• [Exercise brief]: If an entry holds a picture, leave the picture out and output everything else exactly.
------ Task inputs
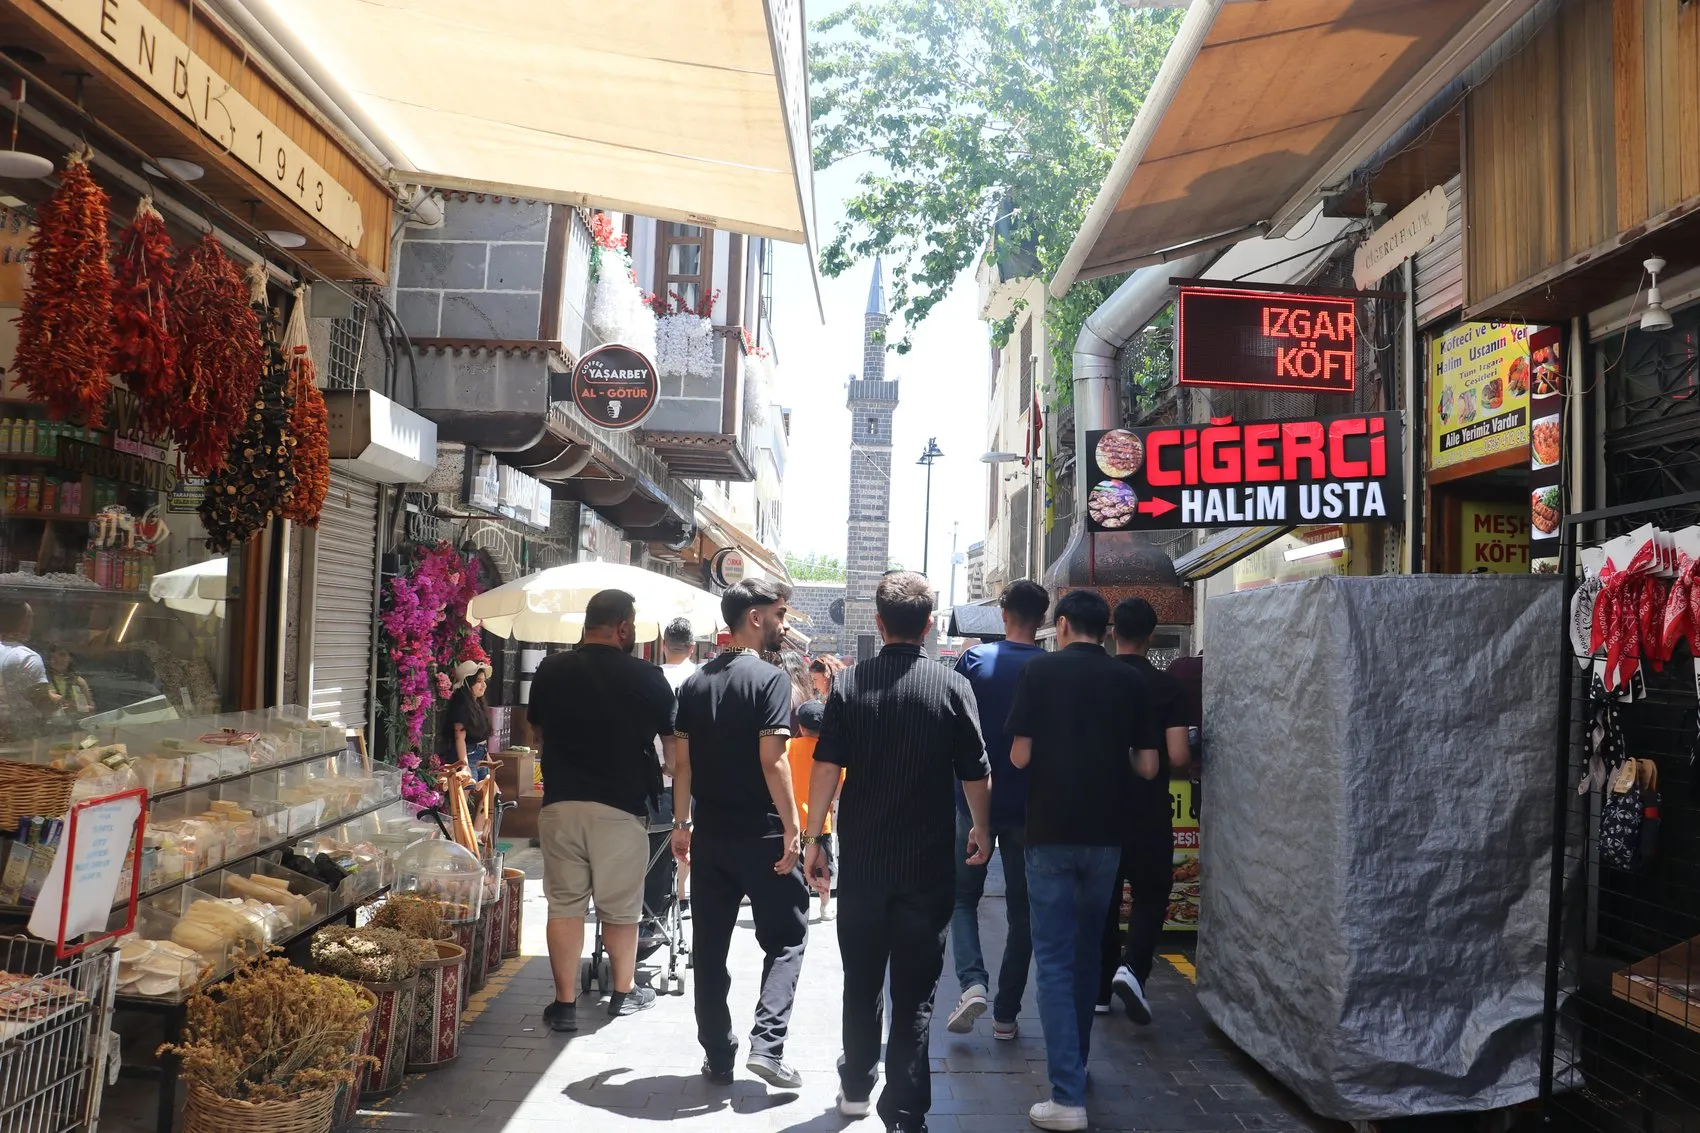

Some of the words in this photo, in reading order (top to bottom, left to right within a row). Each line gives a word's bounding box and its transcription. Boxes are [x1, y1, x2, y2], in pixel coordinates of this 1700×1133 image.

[59, 0, 210, 120] ENDİ
[256, 130, 324, 212] 1943
[1262, 307, 1354, 341] IZGAR
[1440, 328, 1472, 355] Köfteci
[1475, 326, 1486, 338] ve
[581, 360, 604, 374] COFFEE
[1277, 341, 1354, 380] KÖFT
[1436, 356, 1462, 376] Halim
[1469, 337, 1506, 362] Ustanın
[589, 369, 648, 381] YAŞARBEY
[1460, 368, 1477, 380] Tüm
[581, 388, 596, 398] AL
[607, 386, 648, 398] GÖTÜR
[1445, 432, 1460, 449] Aile
[1462, 423, 1490, 443] Yerimiz
[1492, 413, 1519, 434] Vardır
[1299, 481, 1387, 520] USTA
[1475, 540, 1529, 563] KÖFT
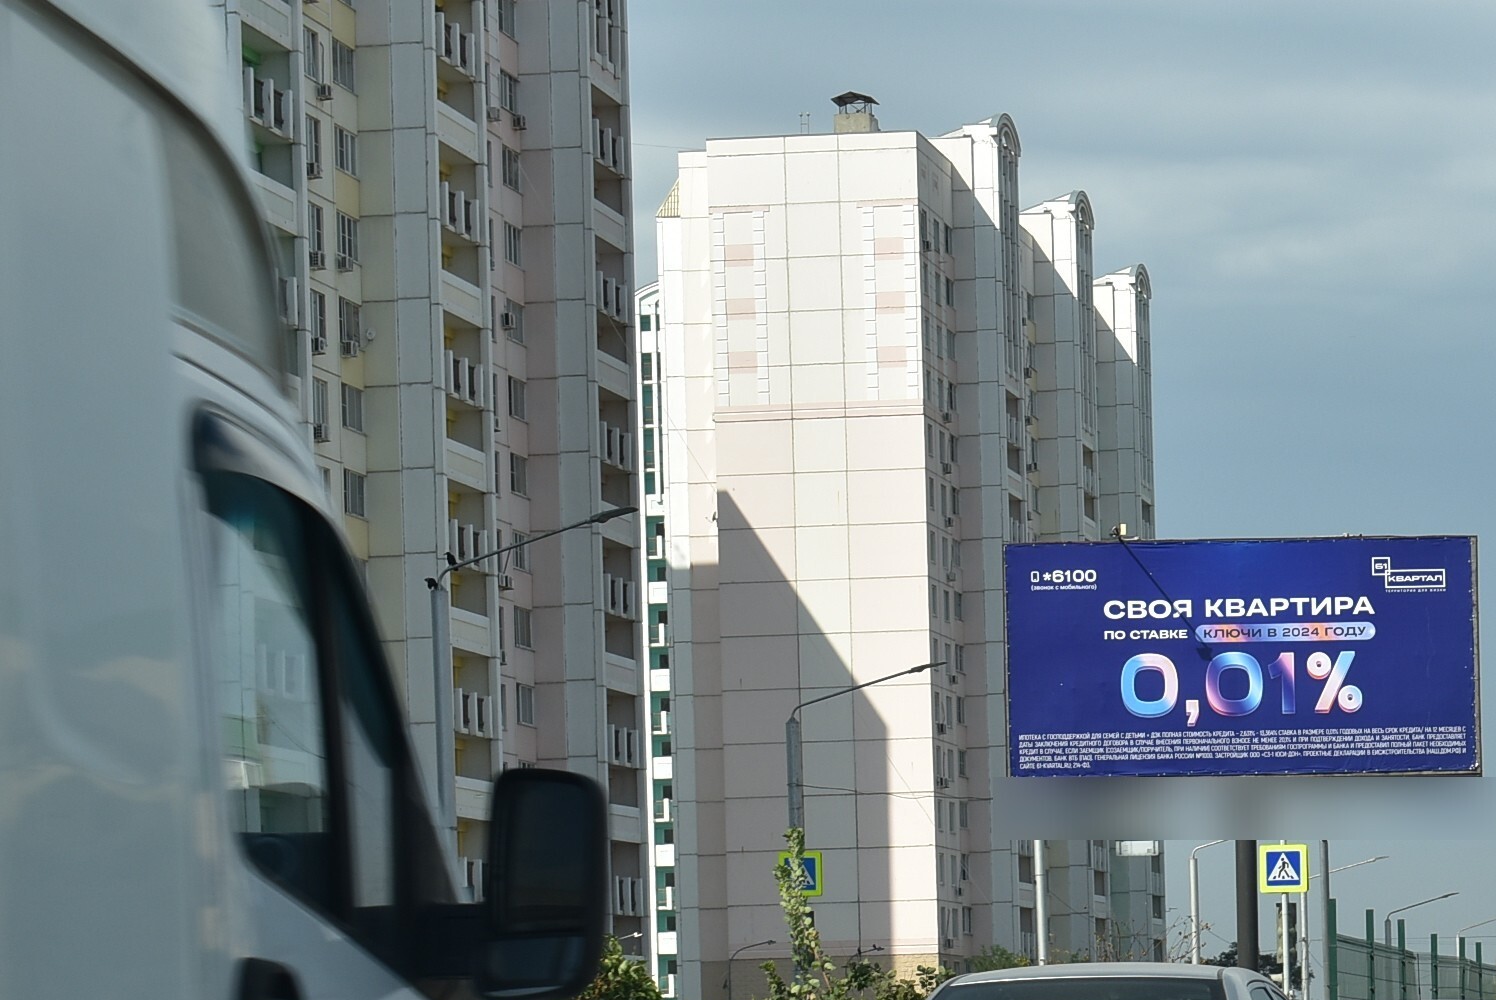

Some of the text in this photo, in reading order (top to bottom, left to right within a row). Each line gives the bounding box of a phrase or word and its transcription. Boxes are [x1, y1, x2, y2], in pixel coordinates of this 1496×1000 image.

[1104, 596, 1375, 620] СВОЯ КВАРТИРА
[1104, 629, 1188, 640] ПО СТАВКЕ
[1203, 626, 1366, 639] КЛЮЧИ В 2024 ГОДУ
[1120, 650, 1363, 726] 0,01%
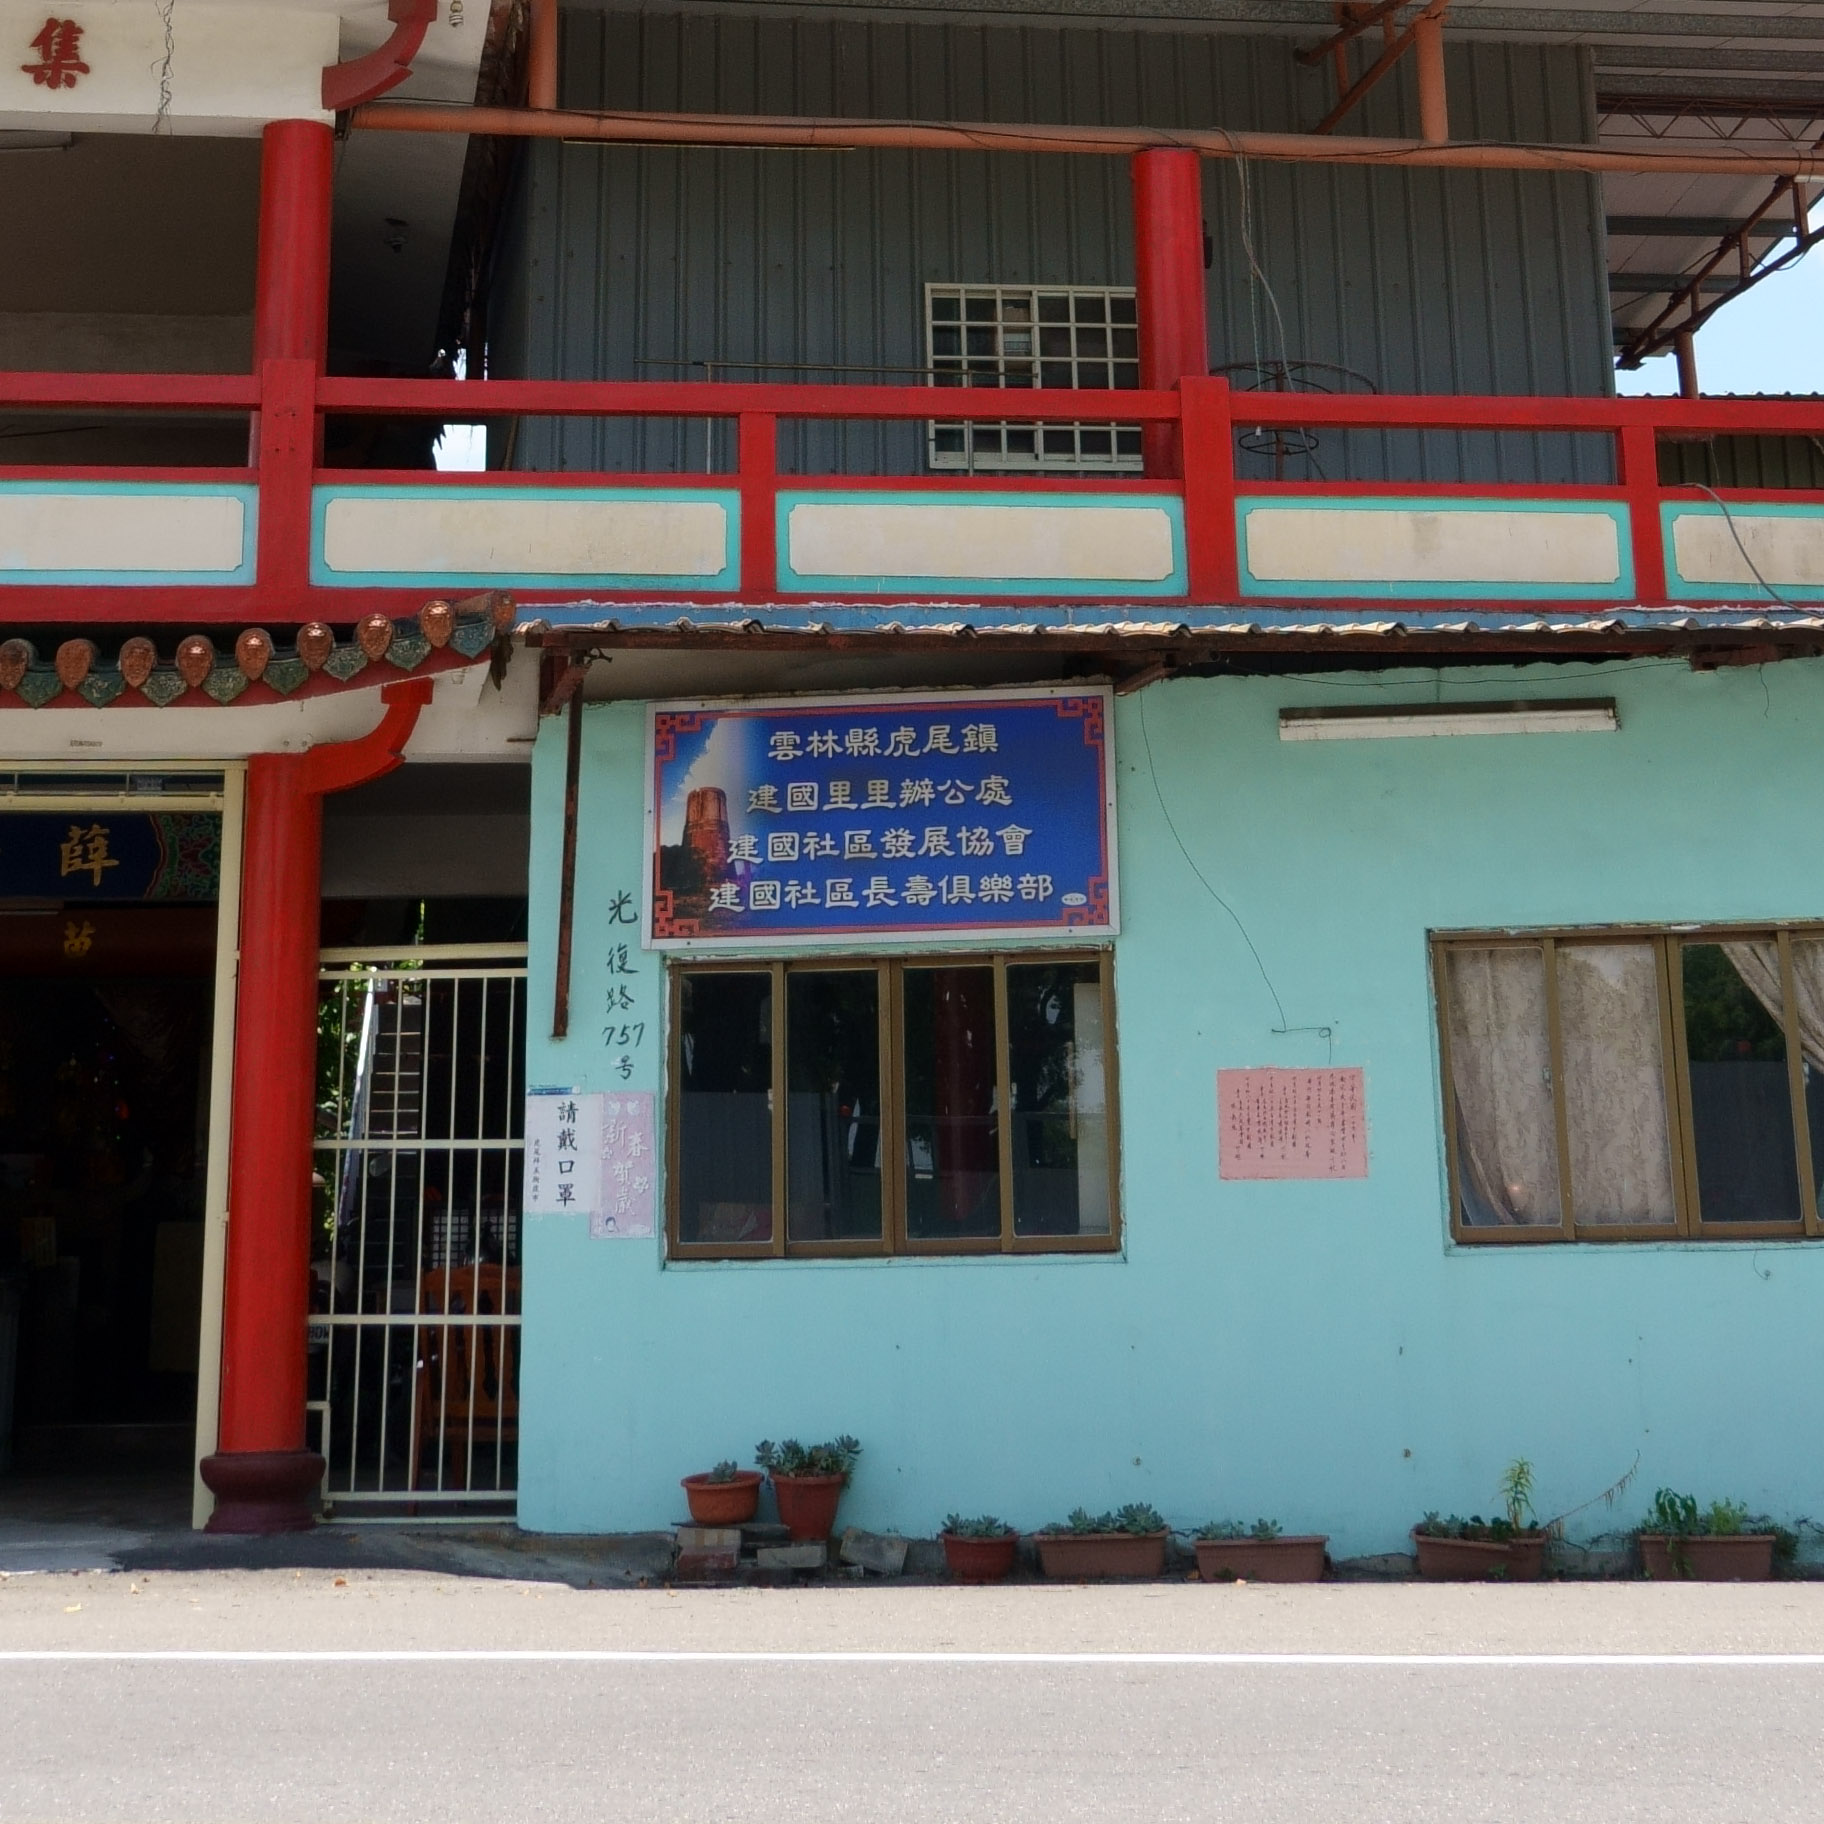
------------
• [Answer section]:
Some of the words in this photo, in reading order (top to bottom, left to right within a row). Each line gives a word's bounding box and its transcription. Boxes are [x1, y1, x2, y2], in pixel coordinates of this 1700×1133 image.

[59, 0, 210, 120] ENDİ
[256, 130, 324, 212] 1943
[1262, 307, 1354, 341] IZGAR
[1440, 328, 1472, 355] Köfteci
[1475, 326, 1486, 338] ve
[581, 360, 604, 374] COFFEE
[1277, 341, 1354, 380] KÖFT
[1436, 356, 1462, 376] Halim
[1469, 337, 1506, 362] Ustanın
[589, 369, 648, 381] YAŞARBEY
[1460, 368, 1477, 380] Tüm
[581, 388, 596, 398] AL
[607, 386, 648, 398] GÖTÜR
[1445, 432, 1460, 449] Aile
[1462, 423, 1490, 443] Yerimiz
[1492, 413, 1519, 434] Vardır
[1299, 481, 1387, 520] USTA
[1475, 540, 1529, 563] KÖFT

Some of the text in this photo, in reading order (top to bottom, left to right within a row). Each line gives the bounding box of a phrase or word and its transcription. Boxes are [x1, y1, x2, y2], in pixel coordinates of this 1496×1000 image.

[1104, 596, 1375, 620] СВОЯ КВАРТИРА
[1104, 629, 1188, 640] ПО СТАВКЕ
[1203, 626, 1366, 639] КЛЮЧИ В 2024 ГОДУ
[1120, 650, 1363, 726] 0,01%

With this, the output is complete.